The Latimer Trust’s ‘Anglican Foundations’ series, covering topics such as the Articles, Homilies, Prayer Book, and various texts therein, is immensely valuable as a modern articulation and apology for the sound and venerable settlement of the English church. This volume of the series brings light to one of the least-known corners of that settlement.
The full-orbed Trinitarianism of the Athanasian is much needed tonic for the many churchmen who today glory in a claimed ‘credal orthodoxy’ while speaking blithely of an undefined ‘God’ rather than referring in a definitively Christian way to ‘the Lord’, or to ‘Christ’.

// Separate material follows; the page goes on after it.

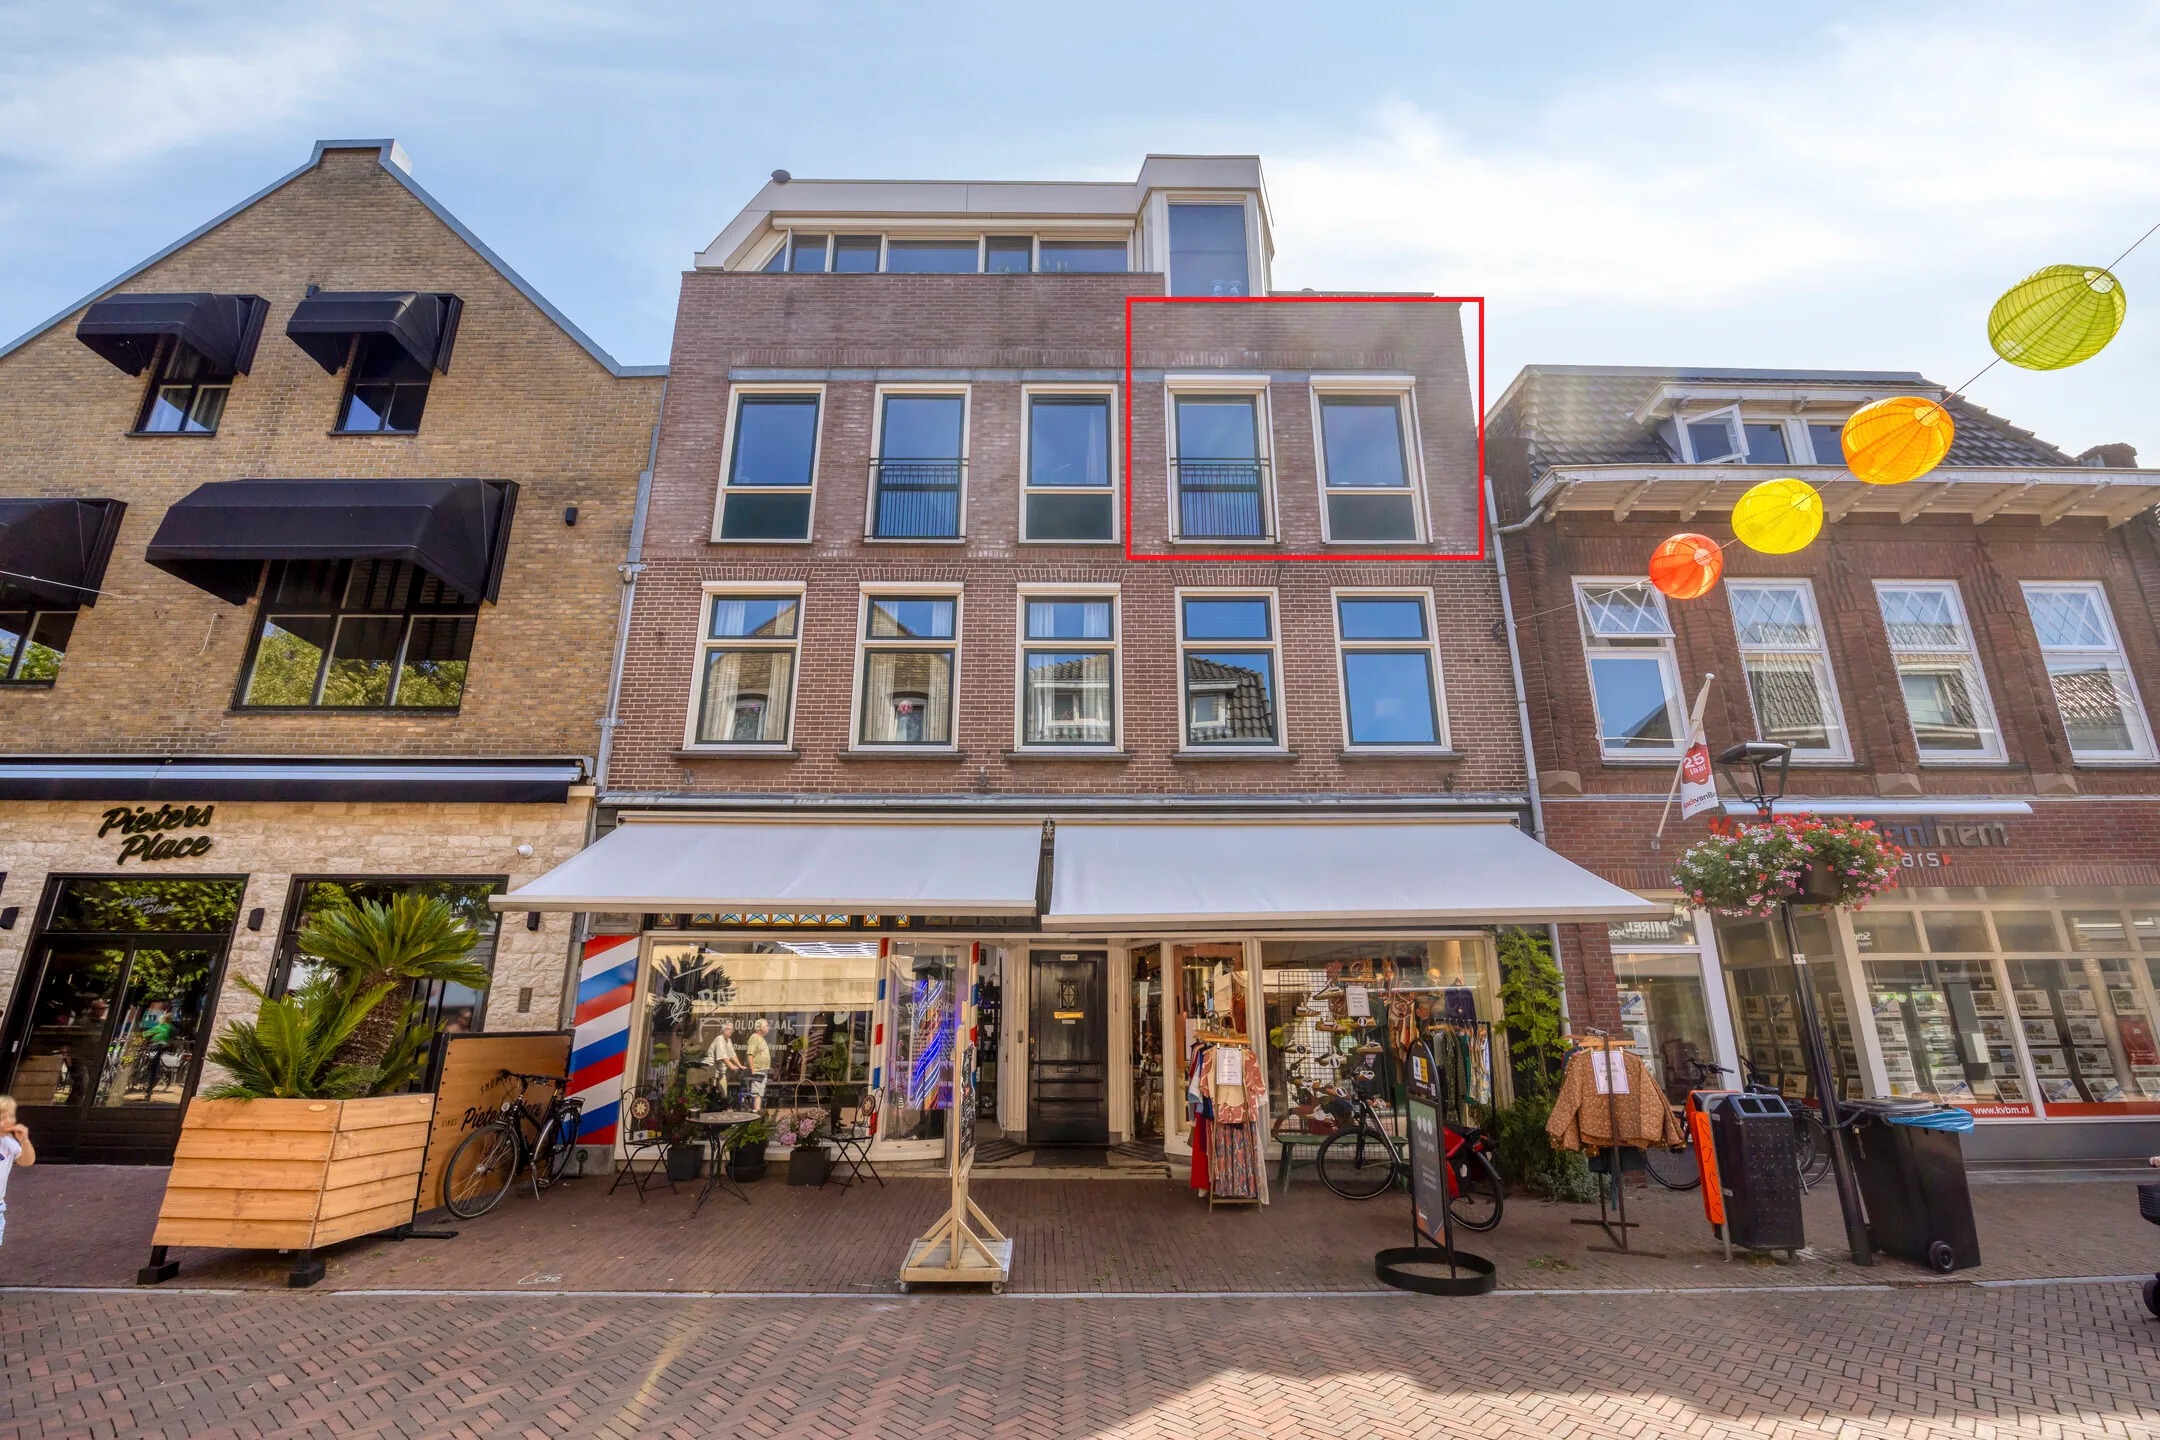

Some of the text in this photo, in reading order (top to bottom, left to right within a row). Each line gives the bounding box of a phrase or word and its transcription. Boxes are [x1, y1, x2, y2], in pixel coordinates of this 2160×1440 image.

Particularly useful in this short book is Davie’s contextualisation of the Creed of Athanasius, locating its genesis in early sixth century southern France. Davie deftly synthesises the best available information to conclude that it was written ‘to strengthen and equip’ orthodox Christians suffering under the rule of Arian Visigoths. The struggle to maintain the confession of Christ’s divinity ‘whole and undefiled’ was fierce and demanding.
Davie then charts the reception history of the Athanasian, including most strikingly the 1873 declaration of the Houses of Convocation defending its continued validity and use, followed dismally by the ‘radical, though unofficial, change in the status of the creed’ during the twentieth century. Universalism, modernism, rationalism, ecumenism, secularism, and clerical laxity conspired to exclude the creed from the practical life of the church.
Yet the struggle against Arianism remains for Christians today, albeit with less prominence than other points of dispute with the world. As we strive to maintain the faith on new fronts, we are not to concede ground held so gallantly by previous generations of believers. Davie’s book is a welcome exhortation to that effect.